Discurso durante a 128ª Sessão Não Deliberativa, no Senado Federal

Análise sobre os motivos e erros do Partido dos Trabalhadores e do Governo, que desencadearam a crise política atualmente vivida no País.

Autor
Cristovam Buarque (PT - Partido dos Trabalhadores/DF)
Nome completo: Cristovam Ricardo Cavalcanti Buarque
Casa
Senado Federal
Tipo
Discurso
Resumo por assunto
GOVERNO FEDERAL, ATUAÇÃO.:
  • Análise sobre os motivos e erros do Partido dos Trabalhadores e do Governo, que desencadearam a crise política atualmente vivida no País.
Aparteantes
Rodolpho Tourinho.
Publicação
Publicação no DSF de 09/08/2005 - Página 26834
Assunto
Outros > GOVERNO FEDERAL, ATUAÇÃO.
Indexação
  • ANALISE, DEPOIMENTO, JOSE DIRCEU, DEPUTADO FEDERAL, COMISSÃO DE ETICA, CAMARA DOS DEPUTADOS, TENTATIVA, ESCLARECIMENTOS, JUVENTUDE, PROBLEMA, PARTIDO POLITICO, PARTIDO DOS TRABALHADORES (PT), EXERCICIO, PODER, ISOLAMENTO, GRUPO, DESVALORIZAÇÃO, LIBERDADE, DEMOCRACIA, INCAPACIDADE, REALIZAÇÃO, PROJETO, FALTA, IDEOLOGIA, TRANSFORMAÇÃO.
  • CRITICA, CAMPANHA, GOVERNO, REELEIÇÃO, COMPROVAÇÃO, PREJUIZO, EXERCICIO, PODER.
  • ANALISE, ERRO, GOVERNO, COLIGAÇÃO PARTIDARIA, BUSCA, APOIO, PERDA, CARACTERISTICA, PARTIDO POLITICO, PARTIDO DOS TRABALHADORES (PT), FALTA, CRIATIVIDADE, POLITICA SOCIO ECONOMICA, OMISSÃO, DESENVOLVIMENTO EDUCACIONAL.

O SR. CRISTOVAM BUARQUE (Bloco/PT - DF. Pronuncia o seguinte discurso. Sem revisão do orador.) - Sr. Presidente, Srªs e Srs. Senadores, Embaixador Manuel Estuardo Barillas, da nobre República da Guatemala, que nos visita, nas últimas semanas evitei subir a esta tribuna. Evitei aqui vir falar porque não via como defender o Governo do meu Partido. Também não queria vir aqui para repetir as acusações sistemáticas que começam a irritar a população brasileira. Entretanto, depois que assisti ao depoimento do Deputado José Dirceu, na Comissão de Ética e Decoro Parlamentar da Câmara dos Deputados, senti que precisava falar.

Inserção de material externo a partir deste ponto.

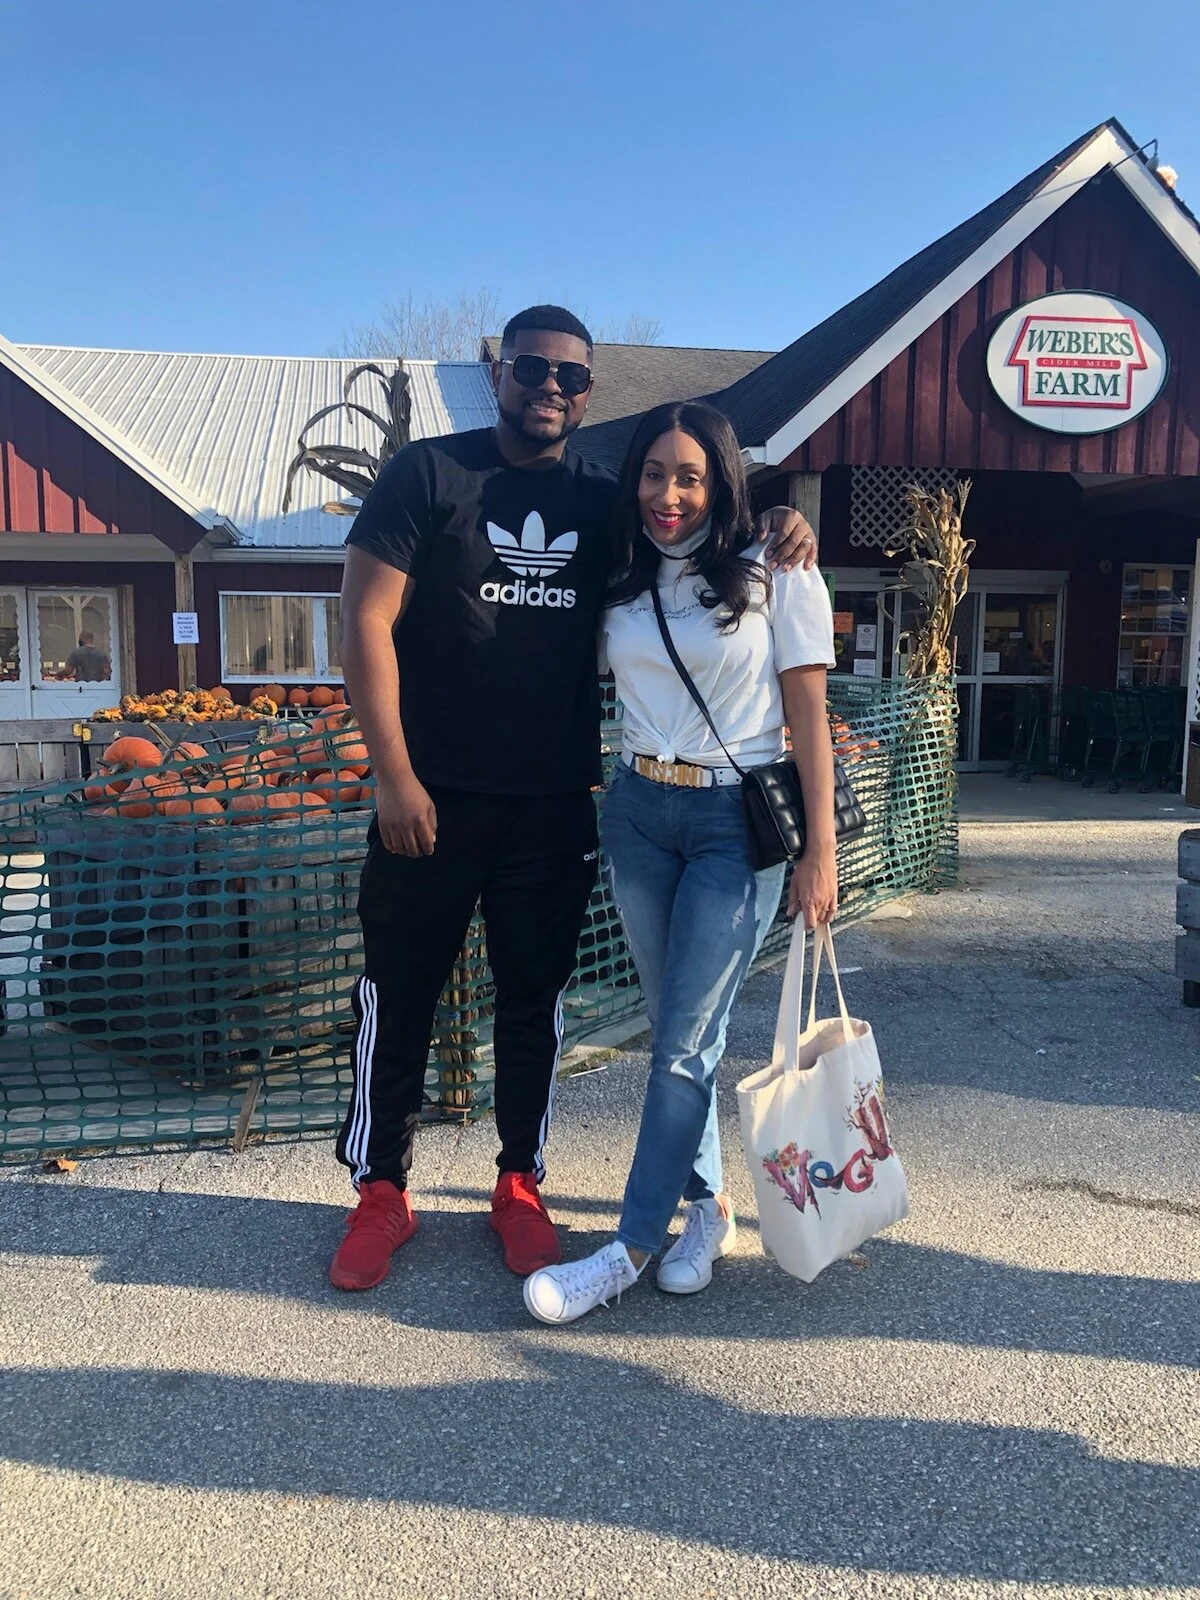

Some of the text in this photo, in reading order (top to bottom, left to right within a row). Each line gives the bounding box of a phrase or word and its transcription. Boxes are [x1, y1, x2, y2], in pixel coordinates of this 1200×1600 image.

[1027, 329, 1134, 357] WEBER'S
[1042, 358, 1116, 368] CIDER MILL
[1034, 371, 1121, 397] FARM
[479, 579, 577, 609] adidas

É preciso lembrar que, mesmo antes desse fato, fui nesta tribuna um crítico ao comportamento político do então Ministro José Dirceu. Mas devo dizer que, assistindo ao seu comportamento na Comissão de Ética, senti como se minha geração, toda minha geração, estivesse sentada àquela mesa, à qual ele compareceu como testemunha, mas que foi visto pela opinião pública como se fosse o réu. E eu senti como se eu, que fui jovem como ele em 68 lutando nas ruas pela democracia, também estivesse ali. Achei que tinha a obrigação de vir aqui falar aos meus colegas Senadores, às colegas Senadoras, aos brasileiros e, sobretudo, aos jovens falar, tentando responder por que isto está acontecendo, por que essa geração que, naquela época, nem de longe sonhava chegar ao poder porque parecia impossível, conseguiu chegar lá e, depois de poucos meses, colocou o Brasil na situação em que estamos.

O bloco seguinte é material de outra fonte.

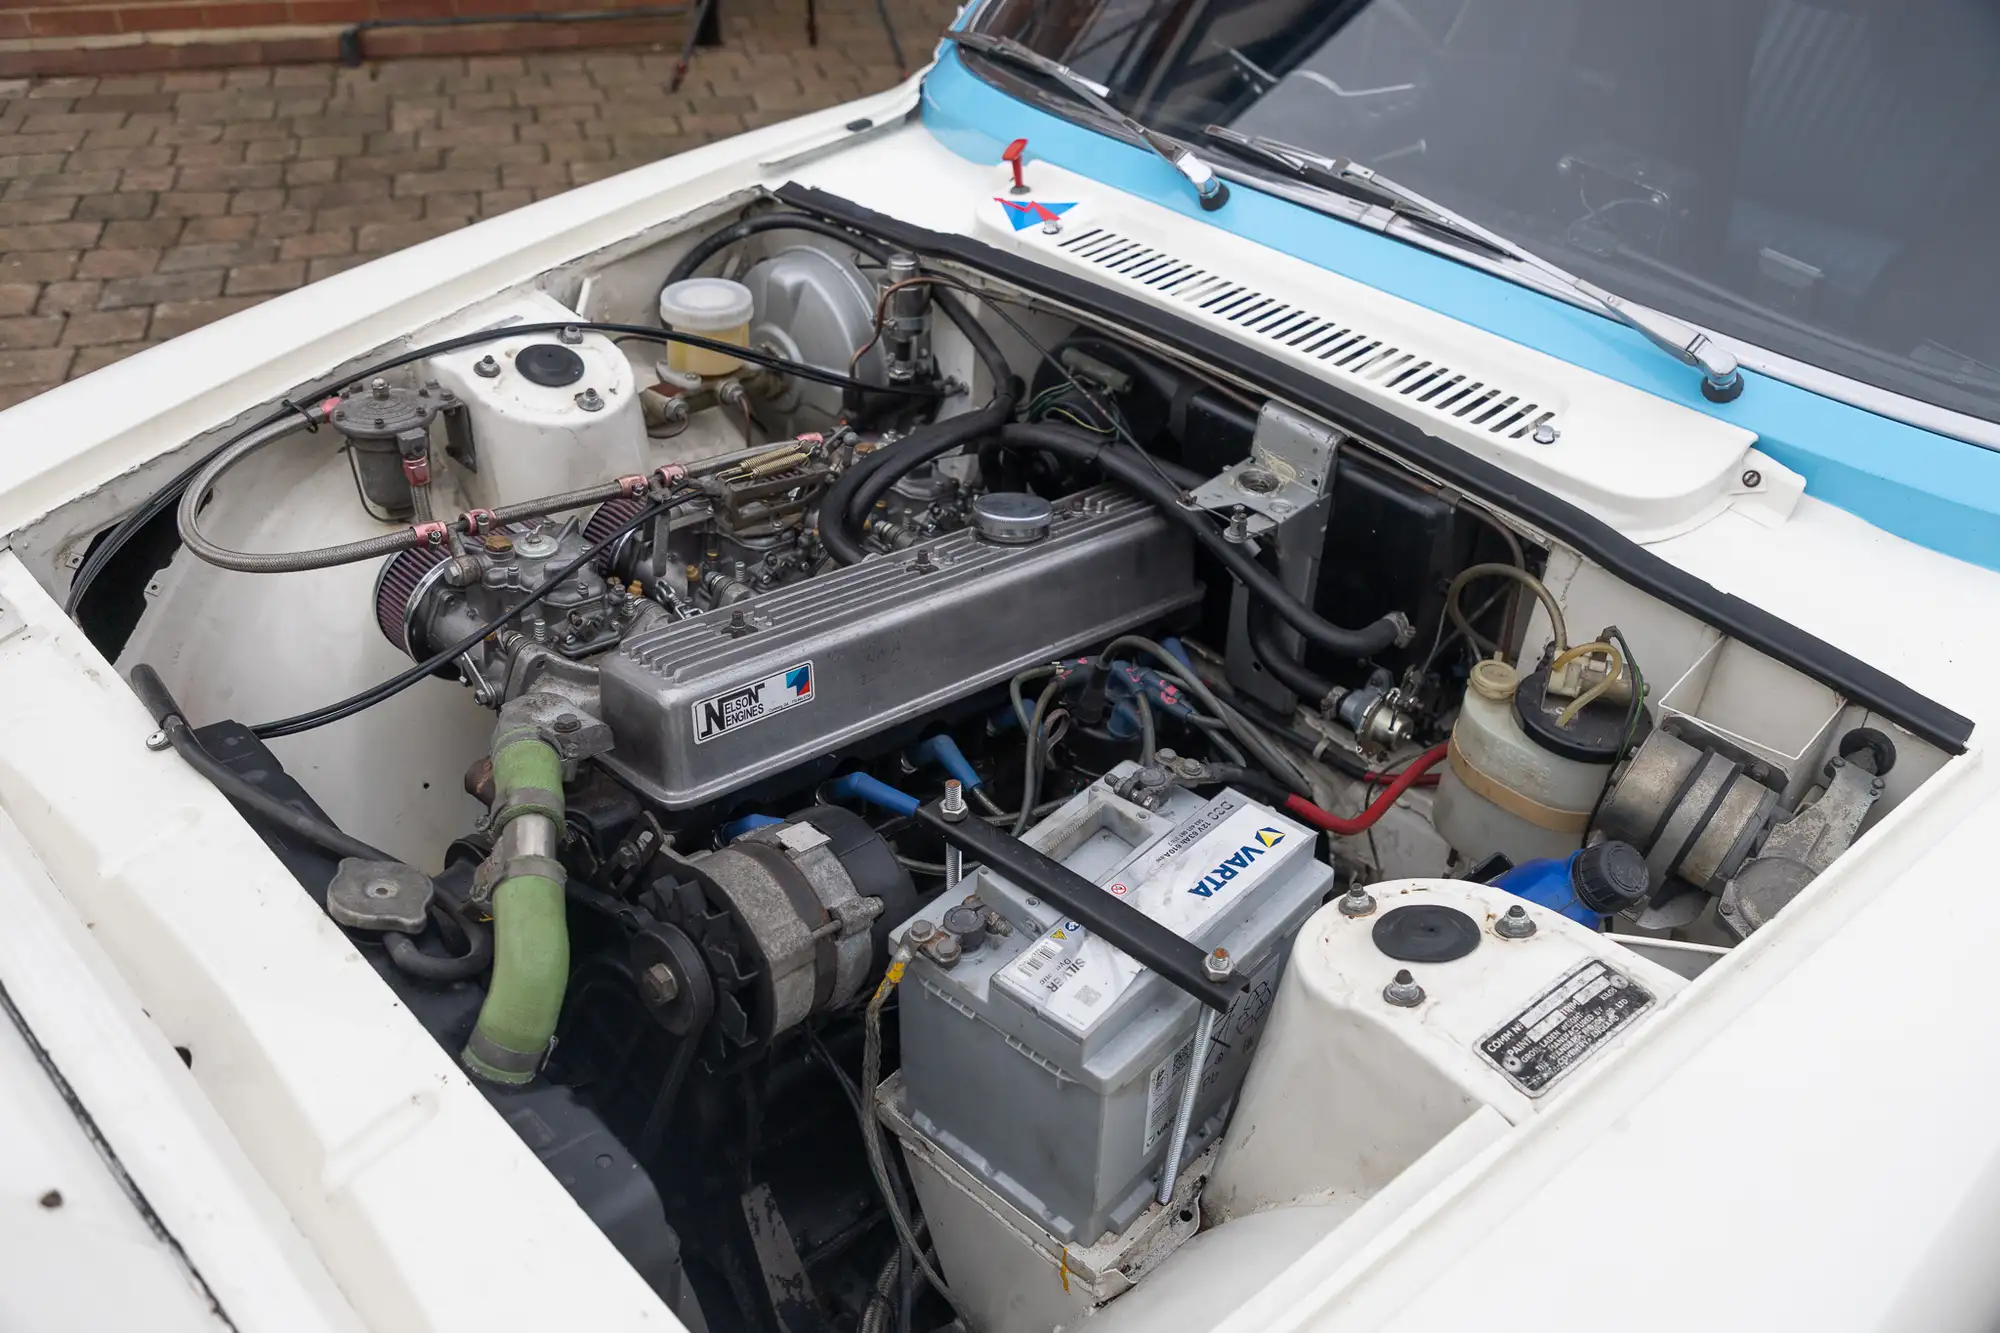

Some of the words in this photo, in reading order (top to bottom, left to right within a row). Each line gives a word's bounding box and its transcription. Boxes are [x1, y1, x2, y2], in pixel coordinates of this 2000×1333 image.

Depois de tentar refletir sobre como foi possível que a história nos reservasse ainda em nossas vidas duas surpresas tão inesperadas - chegar ao poder e perder-se no poder -, vim compartilhar meus sentimentos não apenas com as Srªs e os Srs. Senadores, mas especialmente com os jovens da União Nacional dos Estudantes, dos centros acadêmicos, dos grêmios estudantis, dos sindicatos e do campo que sonham com um Brasil diferente e se preparam para envidar esforços na luta para mudar o nosso País, como o Deputado José Dirceu e eu fizemos 30, 40 anos atrás.

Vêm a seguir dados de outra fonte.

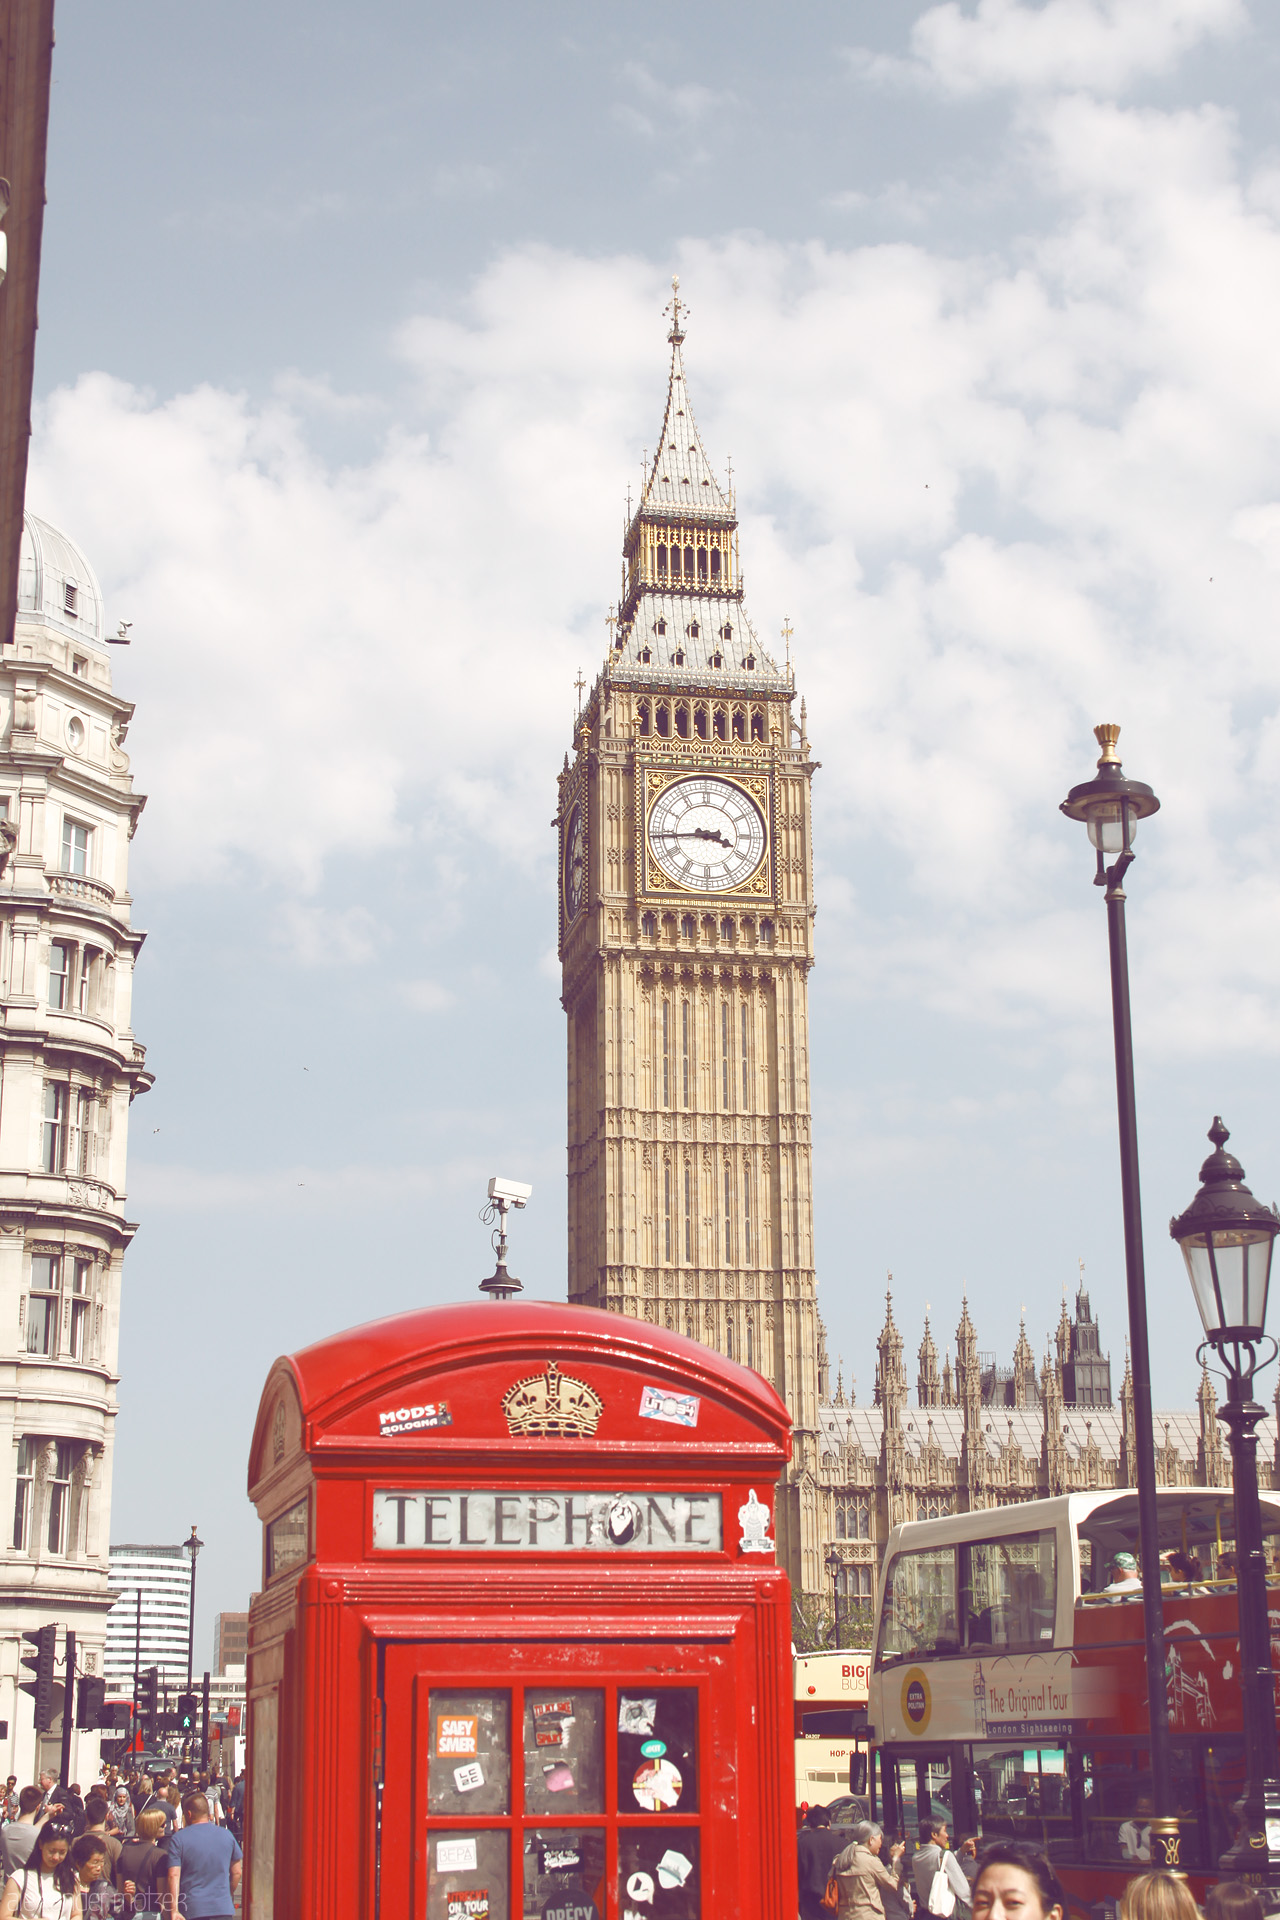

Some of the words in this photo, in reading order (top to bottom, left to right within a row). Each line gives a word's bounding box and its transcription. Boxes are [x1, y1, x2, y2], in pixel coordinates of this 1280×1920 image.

[382, 1417, 438, 1434] BOLOGNA
[385, 1495, 711, 1546] TELEPHONE
[842, 1665, 865, 1677] BIG
[842, 1678, 866, 1691] BUS
[908, 1702, 925, 1710] POLITAN
[989, 1687, 1005, 1713] The
[1008, 1684, 1046, 1719] Original
[1048, 1685, 1069, 1711] Tour
[442, 1720, 474, 1736] SAEY
[988, 1725, 1017, 1734] London
[1021, 1723, 1073, 1735] Sightseeing
[439, 1737, 476, 1753] SMER
[447, 1889, 489, 1904] UTRECHT
[448, 1902, 462, 1914] ON
[464, 1899, 489, 1915] TOUR

Creio que os primeiros erros foram de comportamento, Senador Mão Santa: em primeiro lugar, a arrogância com que se comportaram no Governo, arrogância que denunciei desta tribuna num discurso chamado “Liberte a esperança, companheiro Presidente Lula!”, arrogância que isolou essa equipe no poder, sem diálogo, sem conversa e, portanto, sem perceber seus erros.

Outro problema de comportamento é o irmão siamês da arrogância, ou seja, o deslumbramento no cargo. Grande parte desses companheiros se deslumbraram com o poder em vez de lutarem para realizar projetos. A arrogância junto ao deslumbramento são dois comportamentos que provocaram essa situação.

Quando eu e minha equipe, em um discurso feito no Ministério da Educação, alertamos para os três riscos daqueles que queriam mudar o País, que era o deslumbramento, o burocratismo e a perda da capacidade de indignação, recebi, no Palácio do Planalto, um puxão de orelha do próprio Ministro José Dirceu, que na época me ligou achando que eu estava querendo criticar o Planalto, quando eu estava querendo alertar os meus colaboradores para que não caíssemos na indiferença diante dos acontecimentos nem nas malhas da burocracia.

O terceiro problema de comportamento foi essa perda da capacidade de indignar-se. Quando chegamos ao Governo, e eu fui Governador, eu fui Reitor, eu fui Ministro, encontramos tanta dificuldade para empreender mudanças que pensamos que não vamos conseguir; e nos acostumamos a ver meninos de rua, a ver a escola não funcionar direito como se aquilo não tivesse a ver conosco; é tão difícil mudar que nos acostumamos e perdemos a capacidade de indignação. E isso nos leva a nos acostumar com a miséria da ética, já que nos acostumamos com a miséria social. Fatos que teriam gravidade passam a ser tolerados, como parte do jogo, como pedaço da realidade, a realidade que prometemos mudar; nós nos acostumamos com ela e perdemos a capacidade de nos indignar com ela.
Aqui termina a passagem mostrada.